I have researched and written about ADC's (glembatumumab vedotin in particular) before. Here are a couple of posts: Antibody-Drug Conjugate for melanoma
In 2013 I wrote:
"An ADC (antibody drug conjugate) is like a Trojan Horse!!! It takes a bad ass cytotoxin, like auristatin (that's the one being used here), an anti-mitotic agent that derives its action by preventing tubulin polymerization and therefore stops cell division, attaches it via a special molecule to a monoclonal antibody that targets antigens preferentially expressed on the surface of the targeted cancer cells..in this case, Endothelin B. This method allows patients to survive being treated with really toxic agents without suffering the terrible side effects that would certainly ensue should those cytotoxins be injected directly. By taking them under cover, only the bad cells we want to target are damaged."
"ADC's have been in the works since the 80's. Over that time laboratory researchers have found many more possible antibodies to use (and studied which tumors express them the most) and a variety of gradually improving techniques to "link" the chemotherapeutic agent to the antibody. Improved "linkers" seem to have made it easier to use a variety of antibodies as well as cytotoxic agents while keeping the whole little trifecta intact until it reaches its destination. Patent information seems to indicate that researchers feel they may even be able to target infectious organisms in the future. Two ADC's have been marketed for lymphoma and leukemia. And, just a couple of weeks ago, Celldex got FDA approval for CDX-011 (glembatumumab vedotin) as a treatment for Her-2 breast cancer. Interestingly, initially, this drug which uses "auristatin conjugated to a monoclonal antibody that recognizes GPNMB, expressed at higher levels in melanoma and breast tumors" was tested in patients with melanoma as well as breast cancer. Sievers and Senter, in a Seattle Genentech report state, "In a phase I/II trial in patients with unresectable late-stage melanoma, CDX-011 showed overall response rates ranging from 14% to 19% depending on dosing frequency and GPNMB expression levels." However, at this point, it seems that this particular ADC is no longer being utilized in melanoma trials."

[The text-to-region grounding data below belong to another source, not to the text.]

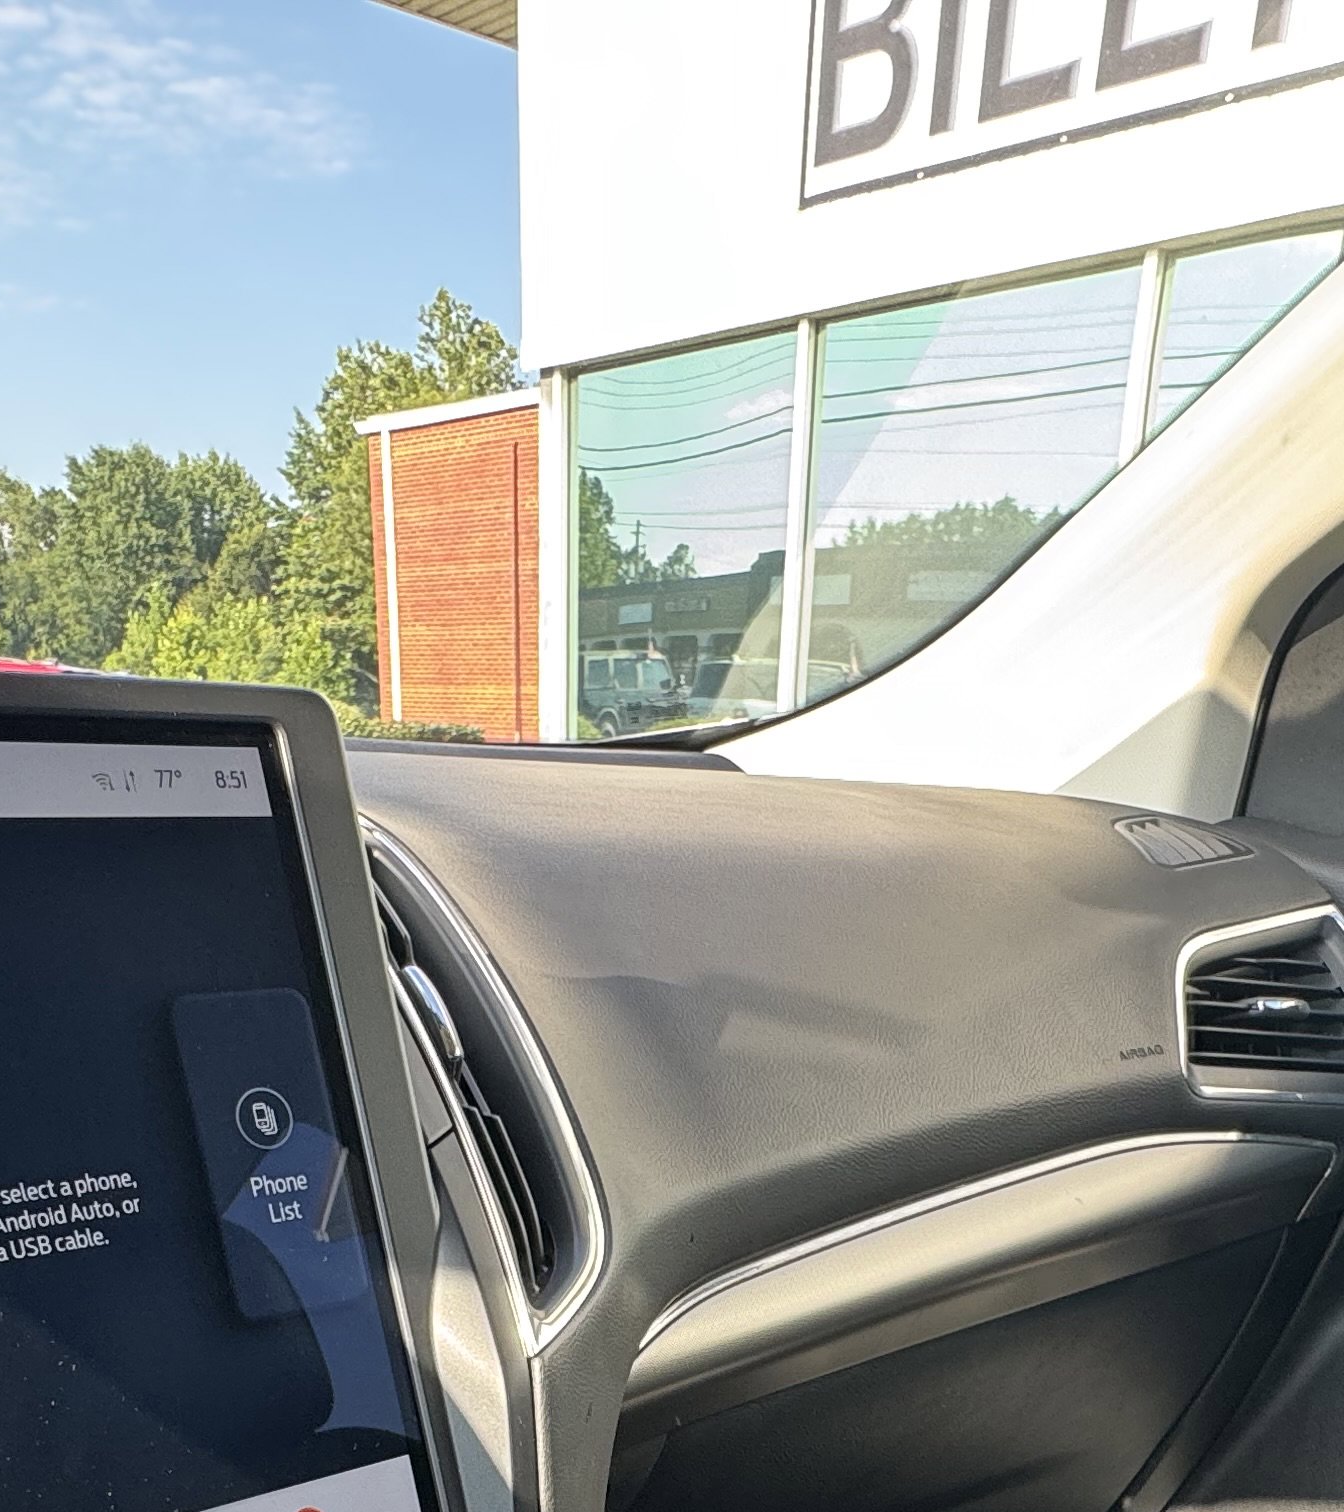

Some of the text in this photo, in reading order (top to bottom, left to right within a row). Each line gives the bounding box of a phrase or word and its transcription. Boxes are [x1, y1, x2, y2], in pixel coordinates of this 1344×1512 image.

[215, 770, 248, 789] 8:51
[1119, 1044, 1164, 1061] AIRBAG
[0, 1179, 57, 1206] select
[59, 1181, 73, 1197] a
[74, 1172, 138, 1198] phone,
[250, 1174, 308, 1198] Phone
[70, 1200, 121, 1223] Auto,
[122, 1198, 141, 1214] or
[268, 1200, 303, 1224] List
[9, 1235, 53, 1260] USB
[54, 1228, 110, 1252] cable.

Now there is this...looking at CDX011-05 ~
A
phase II study of glembatumumab vedotin (GV), an antibody-drug
conjugate (ADC) targeting gpNMB, in advanced melanoma.
ASCO
2017. J Clin Oncol 35, 2017. Ott, Pavlick, Johnson,...Infante,
Luke, ...Hamid.
Background: gpNMB
is an internalizable transmembrane glycoprotein expressed in melanoma
and multiple other tumor types. The ADC GV (CDX-011) delivers the
potent cytotoxin MMAE to gpNMB+ cells. GV has shown promising
activity in advanced melanoma and breast cancer. Methods: This
Phase II study (CDX011-05) assessed the efficacy and safety of GV
monotherapy (1.9 mg/kg q3w) for patients (pts) with advanced melanoma
progressive after less than/= to 1 chemotherapy, greater than/= to 1 checkpoint inhibitor (CPI)

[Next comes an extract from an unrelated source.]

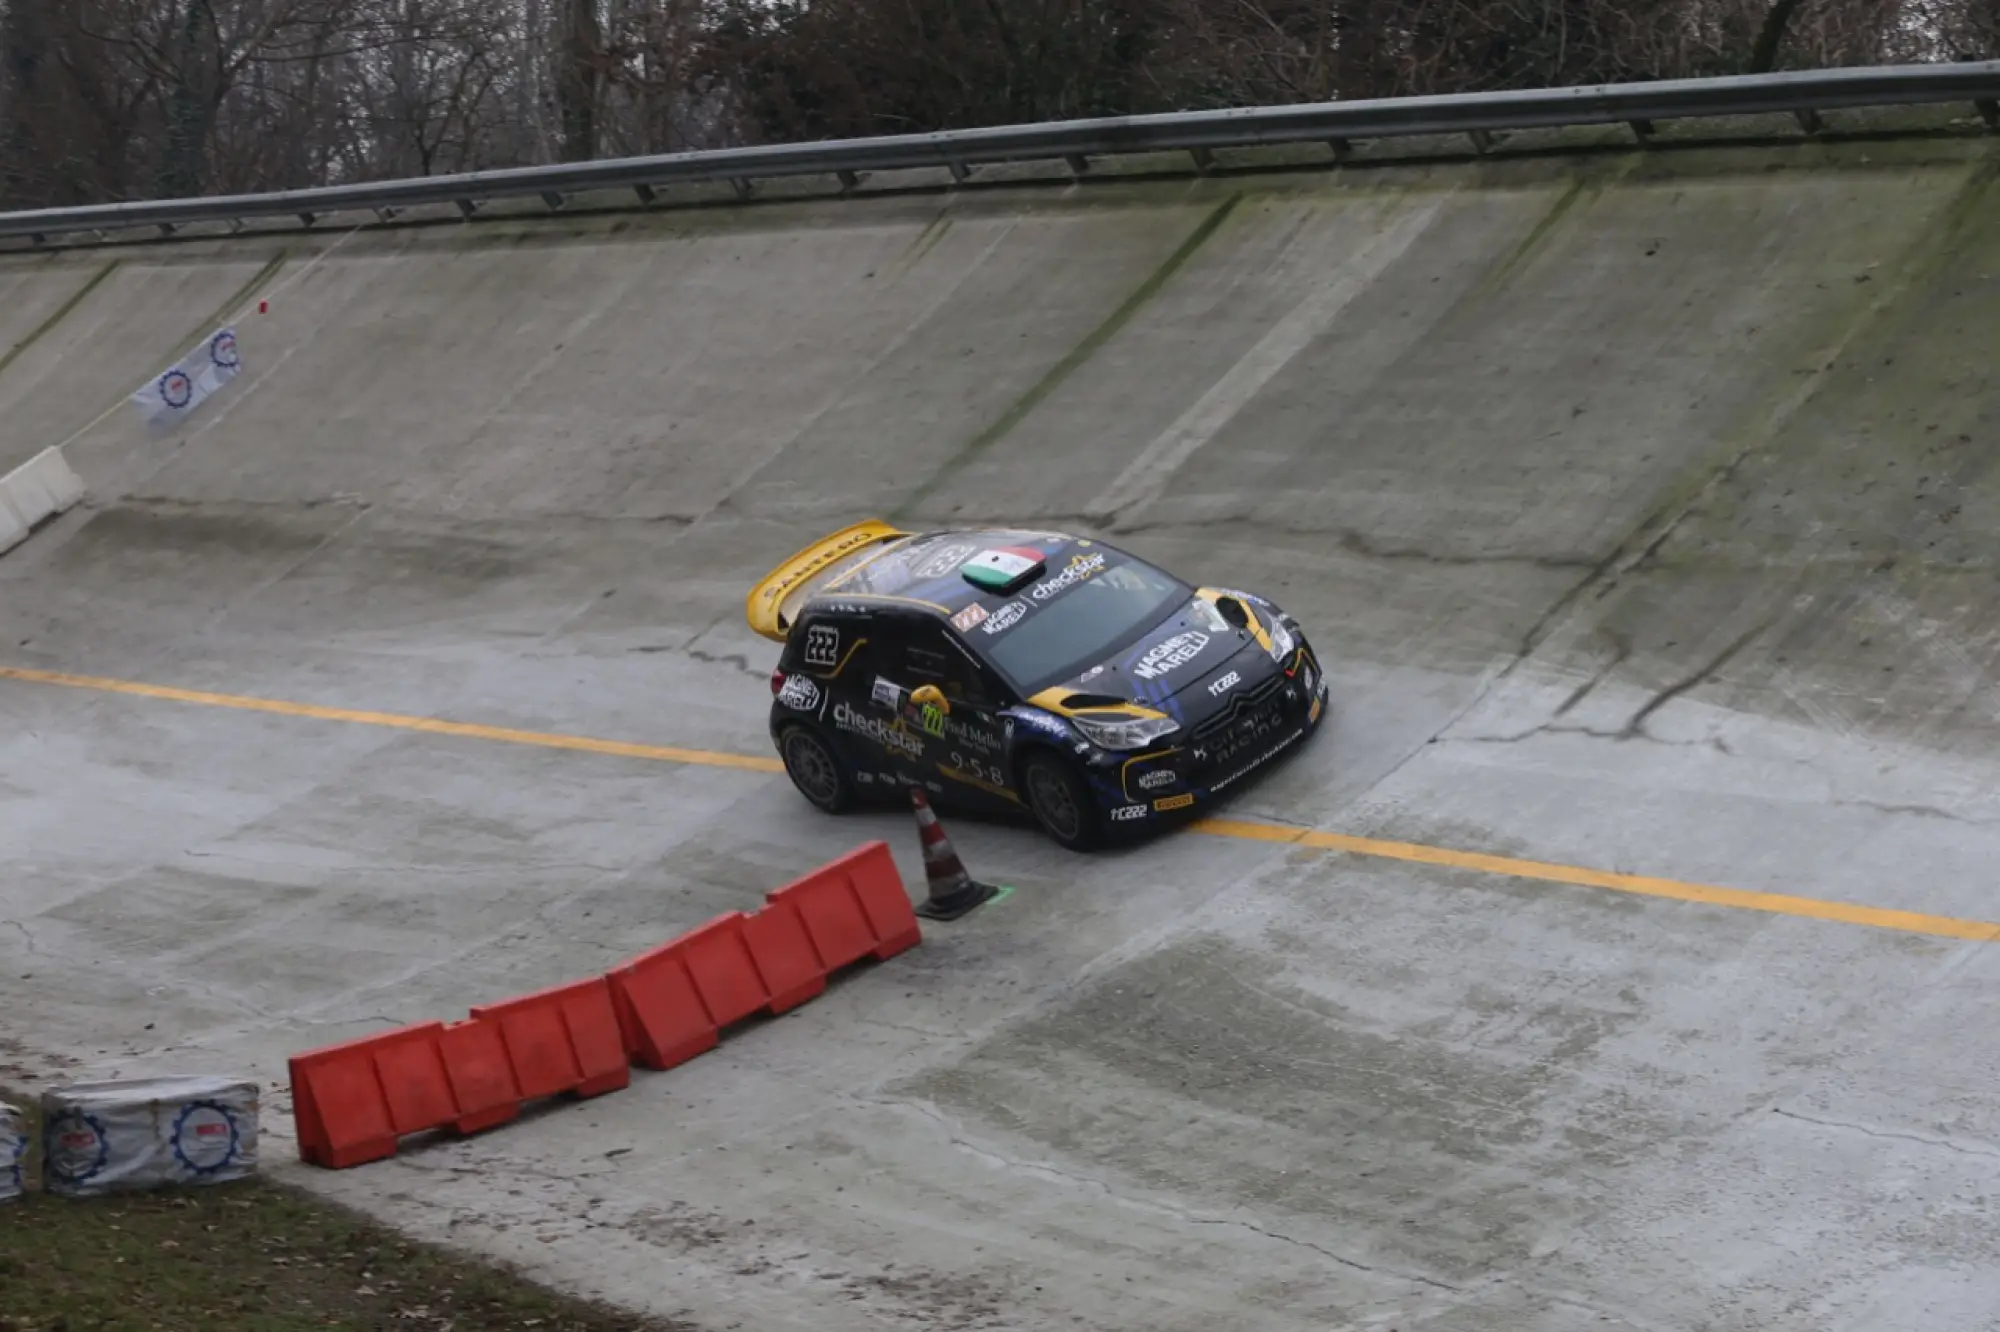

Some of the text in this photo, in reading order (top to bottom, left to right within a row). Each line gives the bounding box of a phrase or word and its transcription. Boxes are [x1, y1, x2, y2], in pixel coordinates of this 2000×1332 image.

and if BRAFV600mutated, greater than/= to 1 BRAF/MEK inhibitor. Central IHC determined gpNMB expression in
archival and/or pre-treatment tumor. Primary endpoint was objective
response rate (ORR) (RECIST 1.1) with greater than/ = to 6 responders out of 52
evaluable pts as threshold for antitumor activity. Additional
endpoints: progression free survival (PFS), overall survival (OS),
duration of response (DOR), safety, PK/PD and correlation of tumor
gpNMB expression with efficacy. Results: 62
pts enrolled (all evaluable) had median age of 67 years; 55% male;
21% BRAFV600mutated;
63% with greater than/= to 3 lines prior therapy; 100% had prior CPI; 100% Stage IV;
89% M1c. One confirmed complete response (CR) and 6 confirmed partial
responses (PR, including 1 unconfirmed CR) were seen (confirmed ORR =
11%); 33 pts had stable
disease including 3 unconfirmed PR. Median DOR = 6.0 (range: 4.1,
14+) months (mos), median PFS = 4.3 mos and median OS = 9.8 mos; 26
pts continue to be followed for survival. All pts with available
tissue (60/60) had gpNMB+ tumors; 47/60 had 100% gpNMB+ epithelial
cells; no clear correlation with outcome was seen in this population
with consistent high expression. Toxicities included alopecia,
neuropathy, rash, fatigue and neutropenia. Treatment-related rash in
cycle 1 was associated with improved ORR (rash = 22%; no rash = 7%),
PFS and OS. Conclusions: GV
has promising activity (primary endpoint of ORR was met) with a
manageable safety profile in heavily pre-treated melanoma pts.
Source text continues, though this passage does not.